Automatic metrics on the held-out 1,000-example test set:

Metric Value
CER 0.0825 ± 0.004
WER 0.2017
Exact Match 0.184

Vs. fine-tune-only (CER 0.0796): paired bootstrap two-sided p = 0.06. We treat this as insufficient evidence to reject the null of no difference, not as equivalence — n = 1,000 is underpowered for detecting small effects in either direction.

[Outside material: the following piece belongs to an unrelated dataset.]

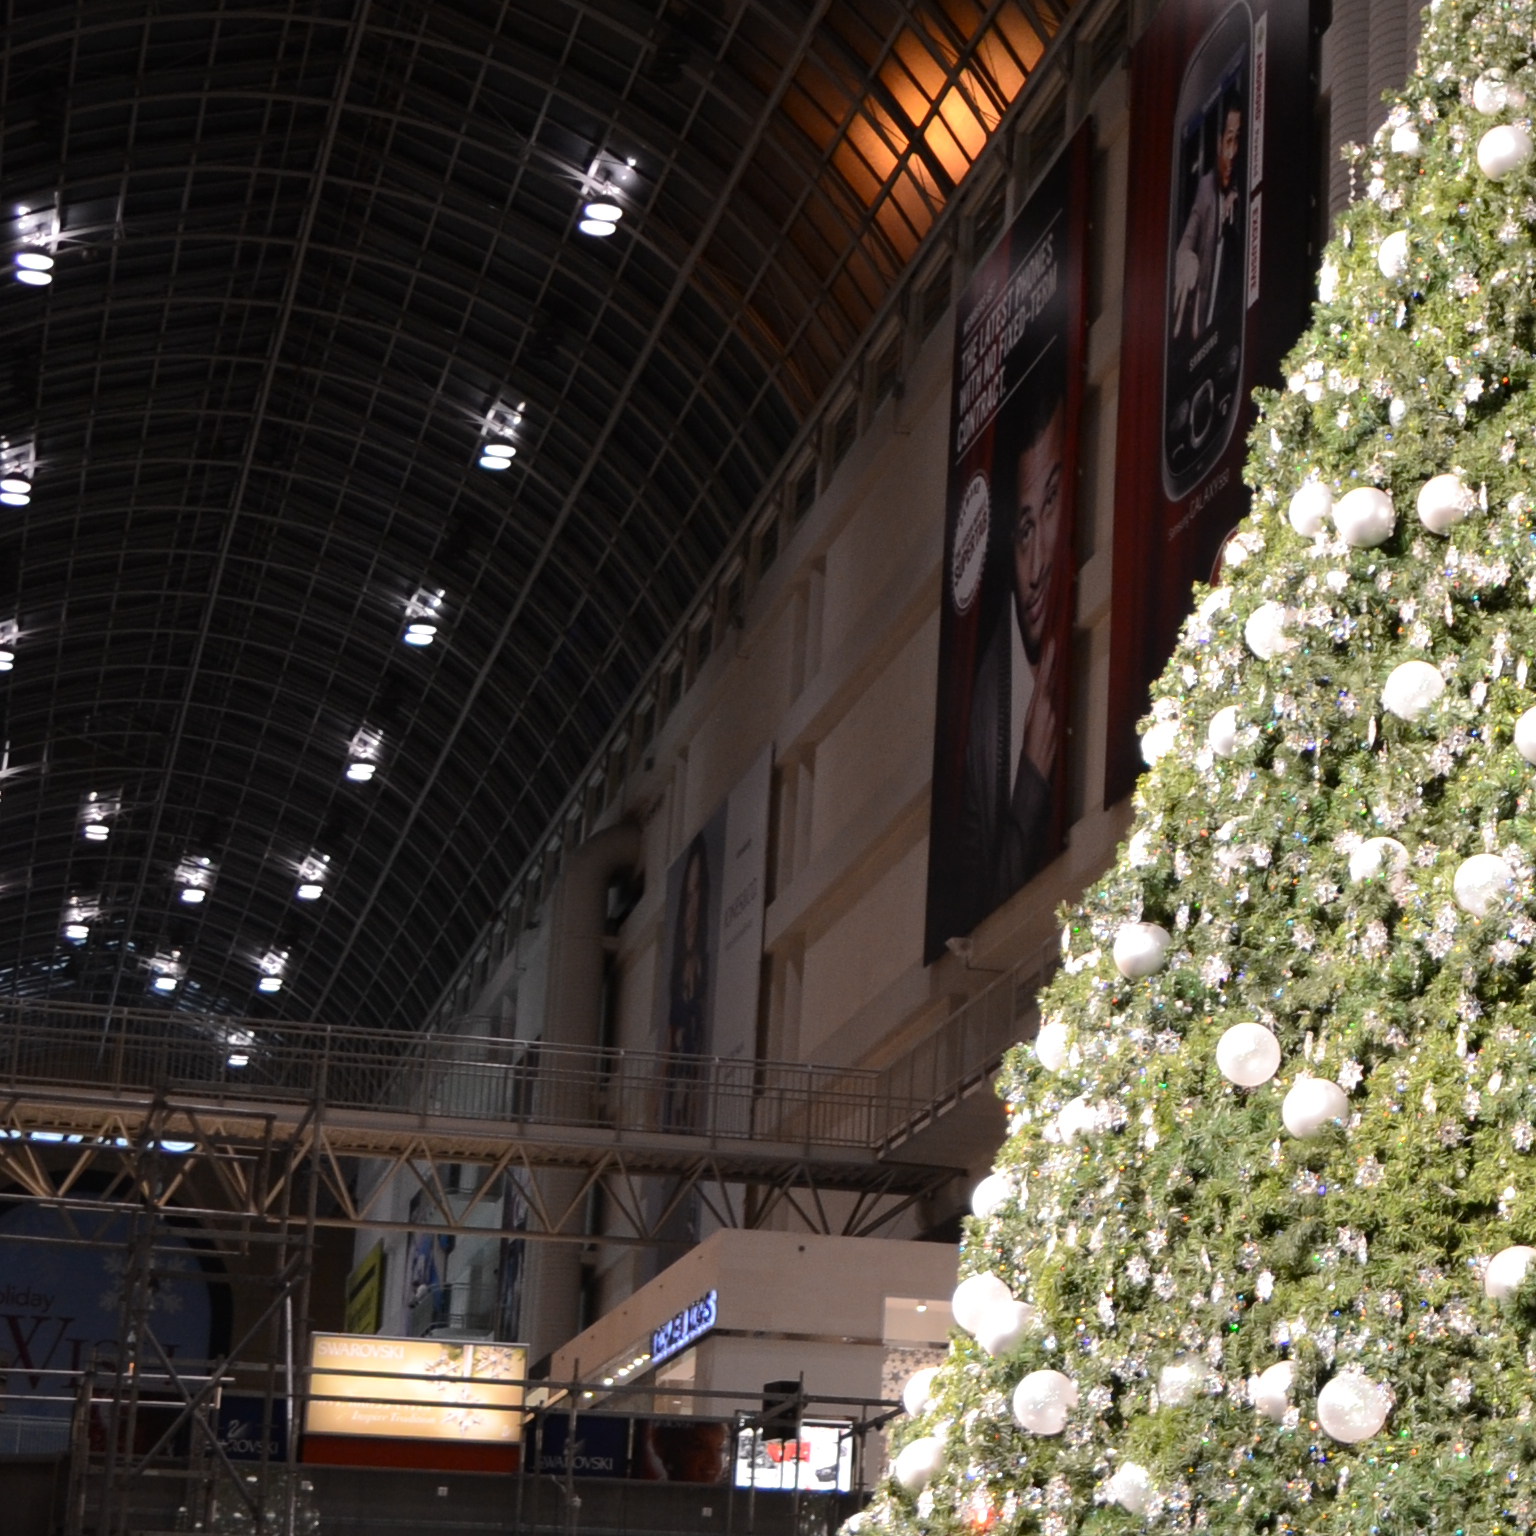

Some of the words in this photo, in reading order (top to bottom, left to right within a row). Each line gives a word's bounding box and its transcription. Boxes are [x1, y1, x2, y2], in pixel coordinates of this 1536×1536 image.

Human evaluation (200 examples, 2 native annotators): 99.8% rated correct (Wilson 95% CI [0.986, 0.9996]); PABAK = 0.990, Gwet's AC1 = 0.995 — identical to the fine-tune-only variant at the ceiling.

Per-category CER

Category N FT-only PT+FT
Punctuation 849 0.078 0.081
Capitalization 62 0.084 0.085
All-caps 39 0.084 0.083
Digit–Word 41 0.076 0.067

PT+FT is numerically slightly better on Digit–Word compounds; with N = 41 we do not treat this as a robust advantage.

Failure analysis

In 40 examples where FT outperforms PT+FT by more than 0.05 CER, hallucination (input repetition) is the dominant error mode (35/40 = 87.5%, 95% Wilson CI [74%, 95%]). Two non-exclusive hypotheses (see paper §6.1):

  1. Copy bias from span corruption — T5-style span corruption trains the decoder to reconstruct spans of the input verbatim, which may reinforce copying behavior harmful for normalization (where the target is usually not a superset of the input).
  2. Register mismatch — continual pre-training used clean, formal text (news/books), while fine-tuning targets normalize noisy informal social-media text. The register gap may push the model toward fluent formal continuations that read as hallucinations.

Limitations

Same as the fine-tune-only variant, plus:

  • Higher hallucination rate in failure cases — if you need maximum robustness, use the FT-only variant.
  • No measurable benefit from the additional pre-training at this scale and corpus composition; results suggest a more targeted continual objective (in-domain noisy text, denoising closer to the normalization target) would be needed.

Citation

@inproceedings{uvalieva2026kyrgyz,
  title={Kyrgyz Text Normalization: A Comparative Study of Neural and Rule-Based Approaches},
  author={Uvalieva, Zarina and Kumarbai uulu, Bektemir and Metinov, Adilet and Tashbaltaev, Tynchtykbek and Alibekov, Nurtilek},
  booktitle={Proceedings of the MeLLM Workshop at ACL 2026},
  year={2026}
}

License

MIT. Code: github.com/Zarina33/Kyrgyz-Text-Normalization-Conference.